DATA TO EXAMINE.
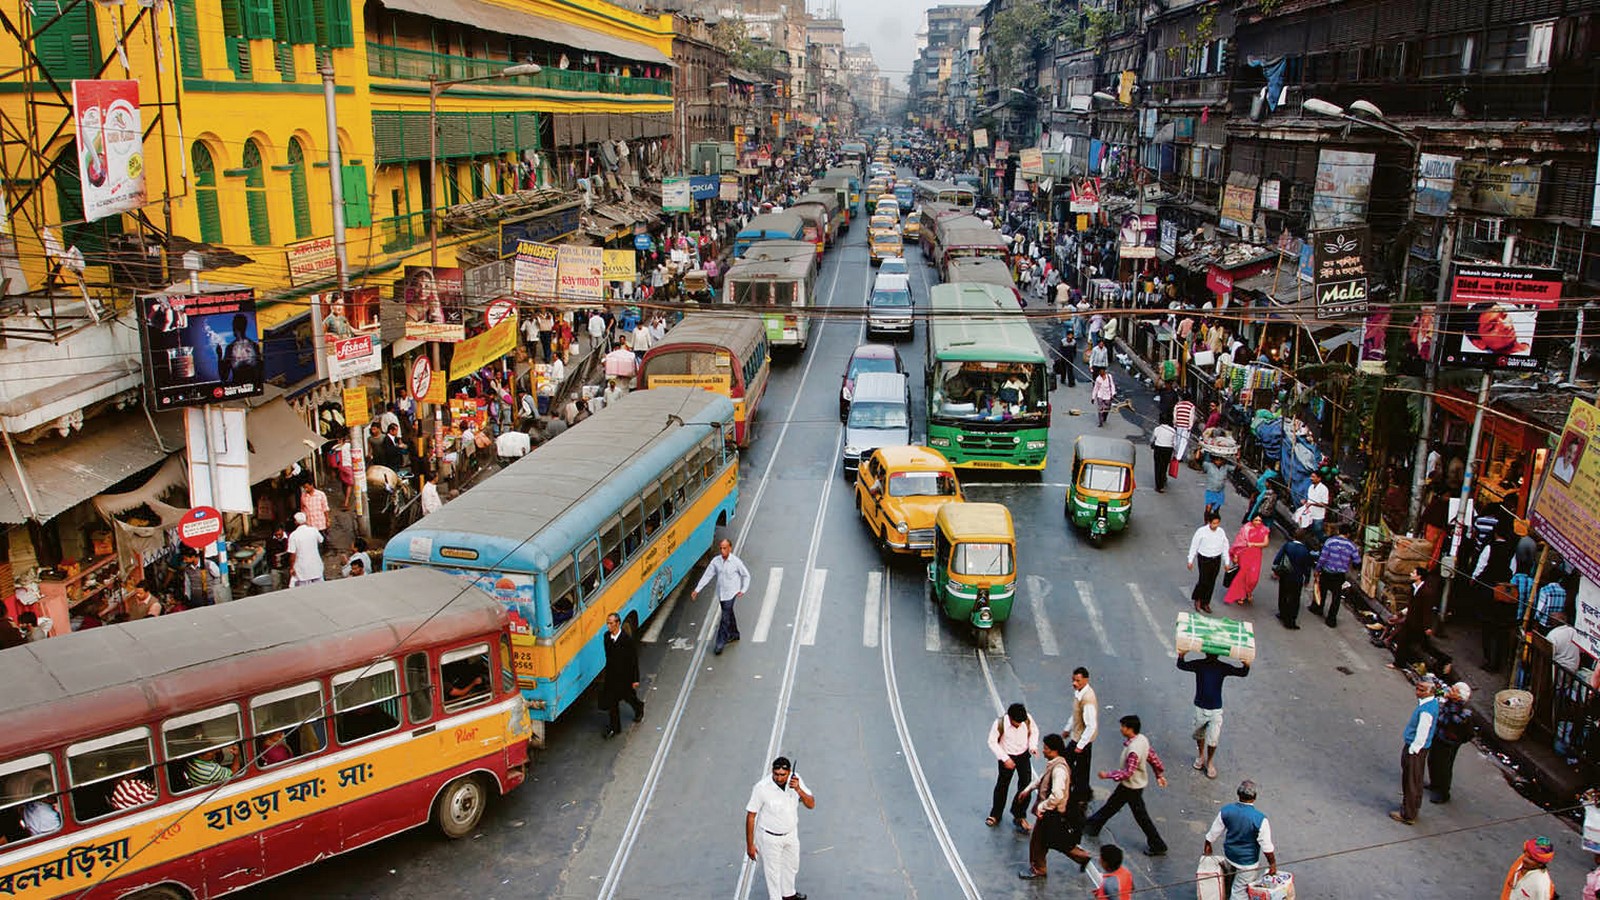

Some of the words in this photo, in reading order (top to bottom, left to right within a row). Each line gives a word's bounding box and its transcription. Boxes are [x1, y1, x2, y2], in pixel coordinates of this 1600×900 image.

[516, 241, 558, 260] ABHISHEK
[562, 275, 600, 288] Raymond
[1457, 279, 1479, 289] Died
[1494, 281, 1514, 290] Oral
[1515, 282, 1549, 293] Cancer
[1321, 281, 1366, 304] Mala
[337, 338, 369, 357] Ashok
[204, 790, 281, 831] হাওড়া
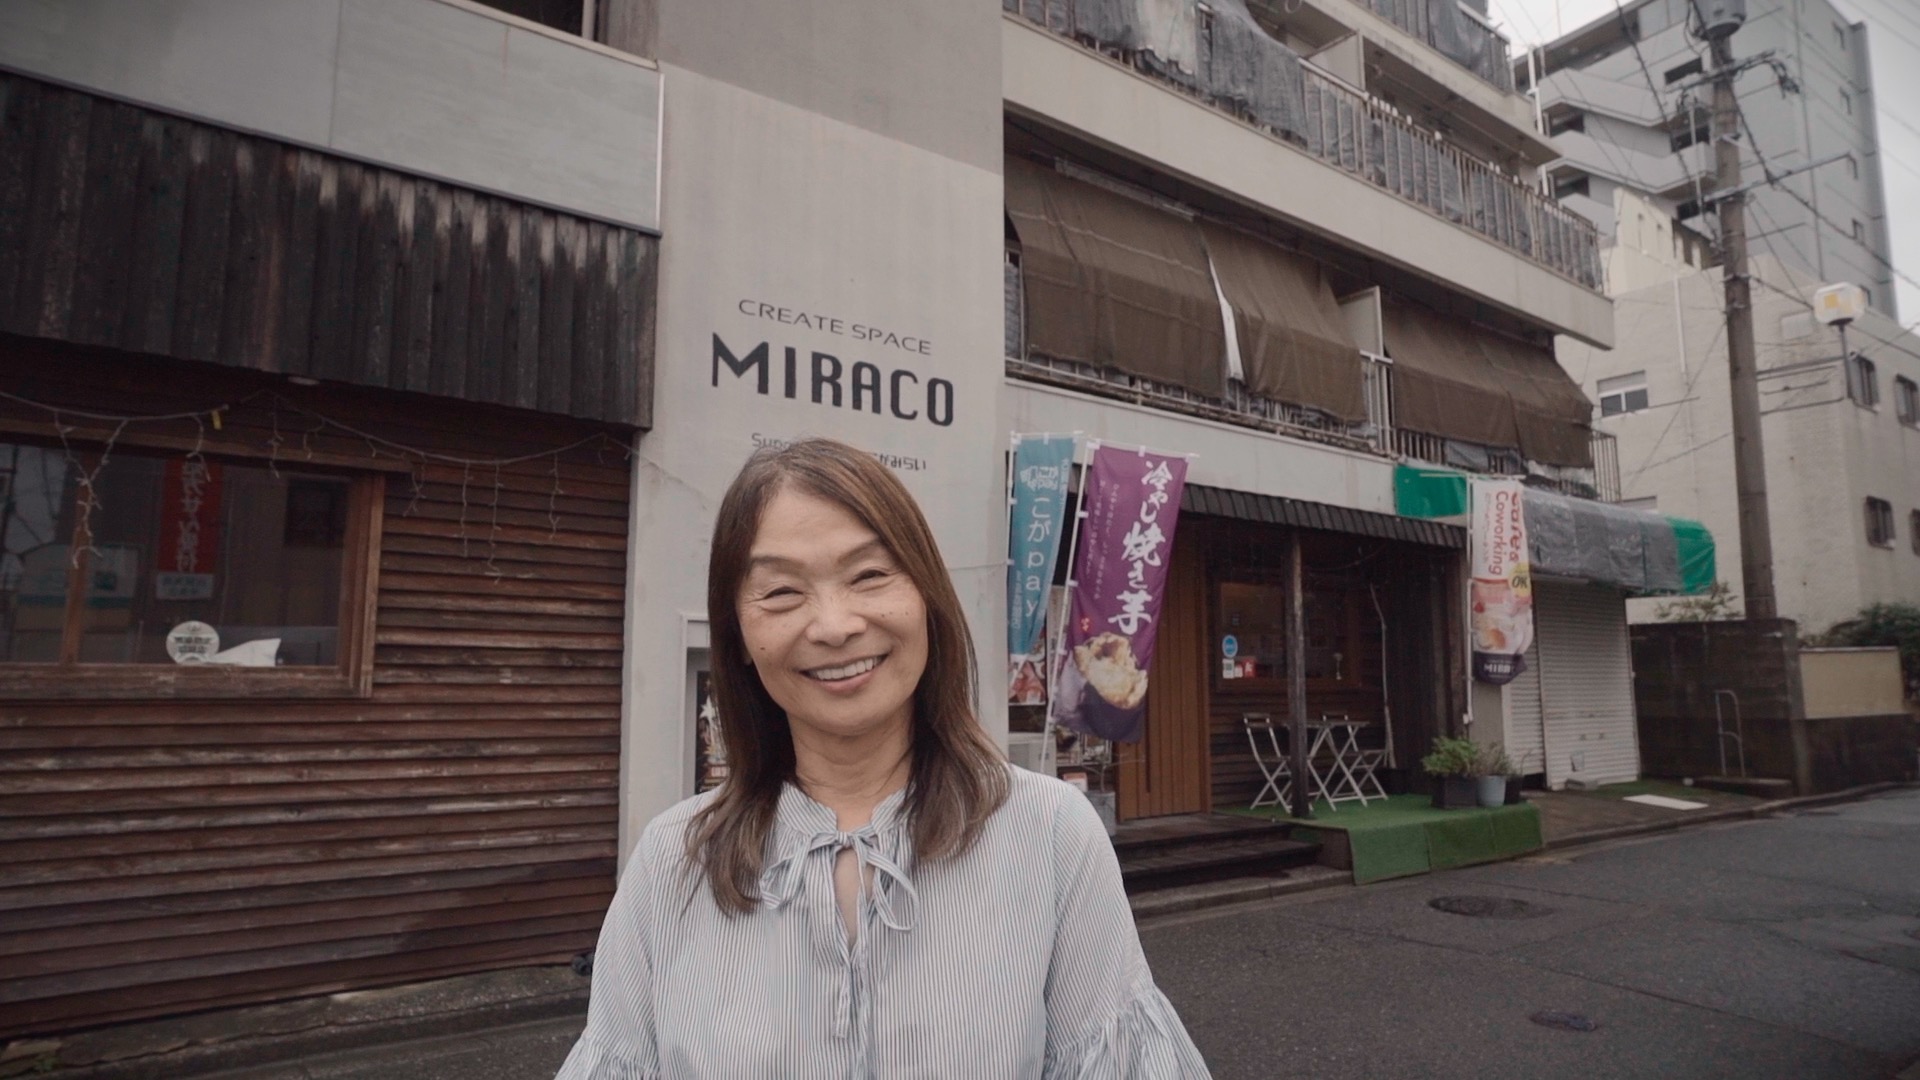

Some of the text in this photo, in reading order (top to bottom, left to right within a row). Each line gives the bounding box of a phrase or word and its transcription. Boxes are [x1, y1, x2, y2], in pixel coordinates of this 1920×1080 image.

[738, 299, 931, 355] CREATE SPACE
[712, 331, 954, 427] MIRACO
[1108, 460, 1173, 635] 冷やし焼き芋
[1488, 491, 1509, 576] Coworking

TRY IT. Output the line containing "Some of the text" and each line after it through the close of the entries, unchanged and with no other lines.

ANSWER BOX.
Some of the text in this photo, in reading order (top to bottom, left to right within a row). Each line gives the bounding box of a phrase or word and its transcription. Boxes are [x1, y1, x2, y2], in pixel coordinates of this 1920×1080 image.

[738, 299, 931, 355] CREATE SPACE
[712, 331, 954, 427] MIRACO
[1108, 460, 1173, 635] 冷やし焼き芋
[1488, 491, 1509, 576] Coworking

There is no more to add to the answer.